European justice this Wednesday lifted the parliamentary immunity of the former president of the Catalan regional government, Carles Puigdemont, and two other members of the European Parliament who Spain says have been tried for Catalonia’s 2017 independence attempt.
The decision to revoke the parliamentary immunity of Carles Puigdemont, Toni Comín and Clara Ponsatí was taken by the General Court of the European Union and still allows an appeal to a higher court, the Court of Justice of the European Union, which the former president of the regional government of the Spanish Autonomous Community of Catalonia has already said it will.
“Nothing ends, on the contrary. Everything continues. We will appeal to the Court of Justice of the EU,” Puigdemont wrote on the social network Twitter, shortly after today’s court ruling was made public.
Res not s”acaba, ben al contrari. Until continues.
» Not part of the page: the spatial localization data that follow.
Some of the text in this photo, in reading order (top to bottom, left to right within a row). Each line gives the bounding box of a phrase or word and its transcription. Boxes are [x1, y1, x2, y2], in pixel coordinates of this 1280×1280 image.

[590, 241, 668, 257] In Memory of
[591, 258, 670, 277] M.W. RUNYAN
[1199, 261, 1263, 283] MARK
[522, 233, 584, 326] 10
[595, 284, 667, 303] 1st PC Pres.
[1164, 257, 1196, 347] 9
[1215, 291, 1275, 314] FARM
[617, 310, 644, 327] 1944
Appeal to the TJUE, and defensive goals at the end els nostres fonamentals drets, que són also els fonamentals drets dels catalans i els europeans. guanyar la libertat….
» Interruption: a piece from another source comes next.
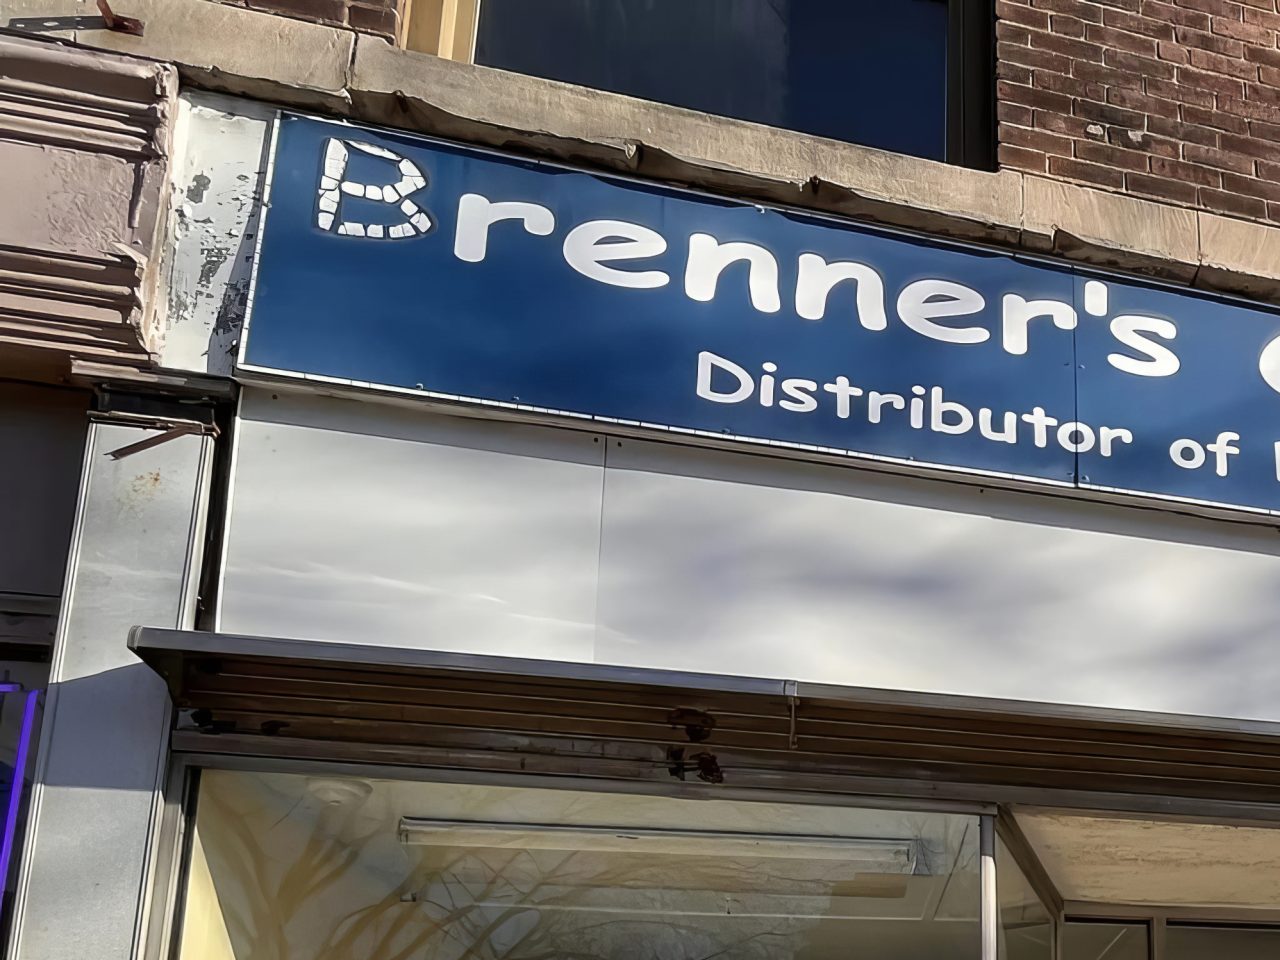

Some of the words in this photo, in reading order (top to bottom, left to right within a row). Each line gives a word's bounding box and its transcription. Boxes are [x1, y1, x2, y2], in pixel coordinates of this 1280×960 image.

[314, 136, 1182, 379] Brenner's
[695, 350, 1134, 460] Distributor
[1168, 430, 1240, 480] of
— krls.eth / Carles Puigdemont (@KRLS) July 5, 2023
This Wednesday’s judgment of the General Court of the European Union (TGUE) thus confirms the withdrawal of the immunity of the three MEPs by the European Parliament, in March 2021, at the request of the Supreme Court of Spain.
In May 2021, the three independent MEPs submitted a request for interim measures to preventively restore their immunity, which the General Court of the EU accepted in a first decision on June 2 of the same year, but later withdrawn on July 30, as they were not at risk of being arrested.
Puigdemont, Comín and Ponsatí appealed this latest decision to the Court of Justice, which ruled in their favor again in May 2022, granting them provisional immunity until it issues a final judgment, which happened today.
Carles Puigdemont has lived in Belgium since 2017 to escape Spanish justice and has been a member of the European Parliament since 2019 for the independence party Together for Catalonia (JxCat).
Carles Puigdemont is charged by Spanish justice with embezzlement (for using public funds to organize an illegal referendum on Catalonia’s independence in October 2017) and disobedience.
He was also charged with sedition until January this year, but an amendment to Spain’s penal code ended this crime, one of which led to nine other independence supporters being arrested over Catalonia’s 2017 attempt at self-determination. including holding a referendum declared illegal by the Constitutional Court and a unilateral declaration of independence in the regional parliament.
The new Spanish Penal Code abolished the crime of sedition (which provided prison sentences of up to 15 years) and changed the crime of peculato (misuse or embezzlement of public money), reducing penalties for cases where funds were not used for personal enrichment , which is the case for supporters of Catalan independence.